*What you need to do:* Could the data below please be reproduced word for word, without the pictures?

*Input data:*

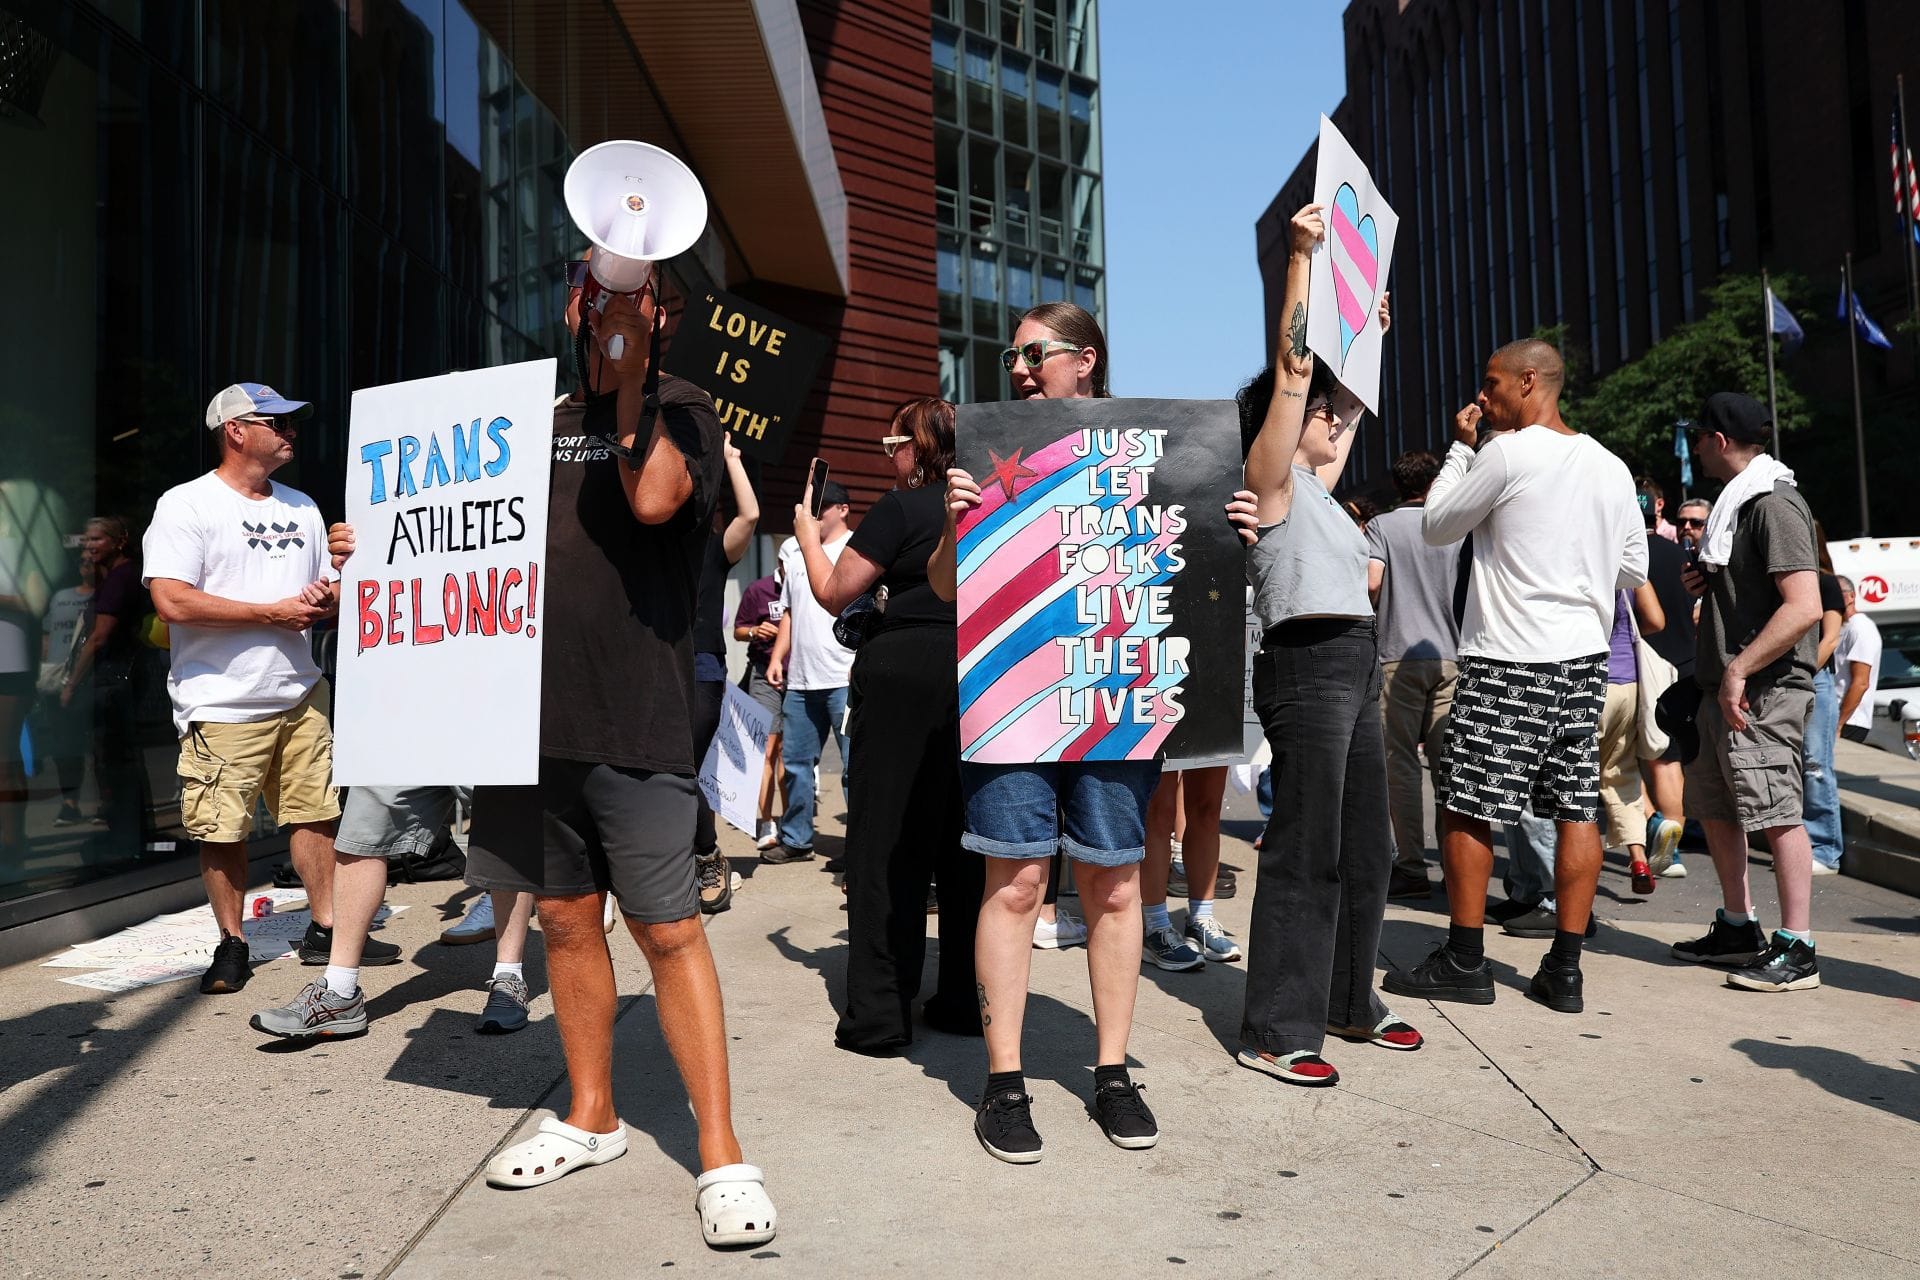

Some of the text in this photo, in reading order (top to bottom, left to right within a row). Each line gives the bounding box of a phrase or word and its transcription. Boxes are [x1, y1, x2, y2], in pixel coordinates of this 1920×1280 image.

[715, 351, 750, 383] IS
[714, 398, 780, 440] UTH”
[553, 436, 586, 447] PORT
[574, 449, 609, 462] LIVES
[1071, 428, 1168, 457] JUST
[361, 417, 513, 505] TRANS
[1087, 466, 1155, 496] LET
[387, 497, 525, 565] ATHLETES
[1054, 504, 1188, 535] TRANS
[1058, 543, 1186, 575] FOLKS
[1892, 582, 1920, 594] Metr
[357, 562, 537, 657] BELONG!
[1076, 585, 1174, 624] LIVE
[1055, 636, 1191, 674] THEIR
[1059, 686, 1186, 724] LIVES
[1498, 697, 1528, 707] RAIDERS
[1526, 686, 1556, 695] RAIDERS
[1472, 705, 1500, 716] RAIDERS
[1518, 715, 1548, 726] RAIDERS
[1565, 721, 1595, 729] RAIDERS
[1510, 743, 1538, 754] RAIDERS
[1478, 784, 1505, 795] RAIDERS

*Task response:*
Some of the text in this photo, in reading order (top to bottom, left to right within a row). Each line gives the bounding box of a phrase or word and its transcription. Boxes are [x1, y1, x2, y2], in pixel coordinates of this 1920×1280 image.

[715, 351, 750, 383] IS
[714, 398, 780, 440] UTH”
[553, 436, 586, 447] PORT
[574, 449, 609, 462] LIVES
[1071, 428, 1168, 457] JUST
[361, 417, 513, 505] TRANS
[1087, 466, 1155, 496] LET
[387, 497, 525, 565] ATHLETES
[1054, 504, 1188, 535] TRANS
[1058, 543, 1186, 575] FOLKS
[1892, 582, 1920, 594] Metr
[357, 562, 537, 657] BELONG!
[1076, 585, 1174, 624] LIVE
[1055, 636, 1191, 674] THEIR
[1059, 686, 1186, 724] LIVES
[1498, 697, 1528, 707] RAIDERS
[1526, 686, 1556, 695] RAIDERS
[1472, 705, 1500, 716] RAIDERS
[1518, 715, 1548, 726] RAIDERS
[1565, 721, 1595, 729] RAIDERS
[1510, 743, 1538, 754] RAIDERS
[1478, 784, 1505, 795] RAIDERS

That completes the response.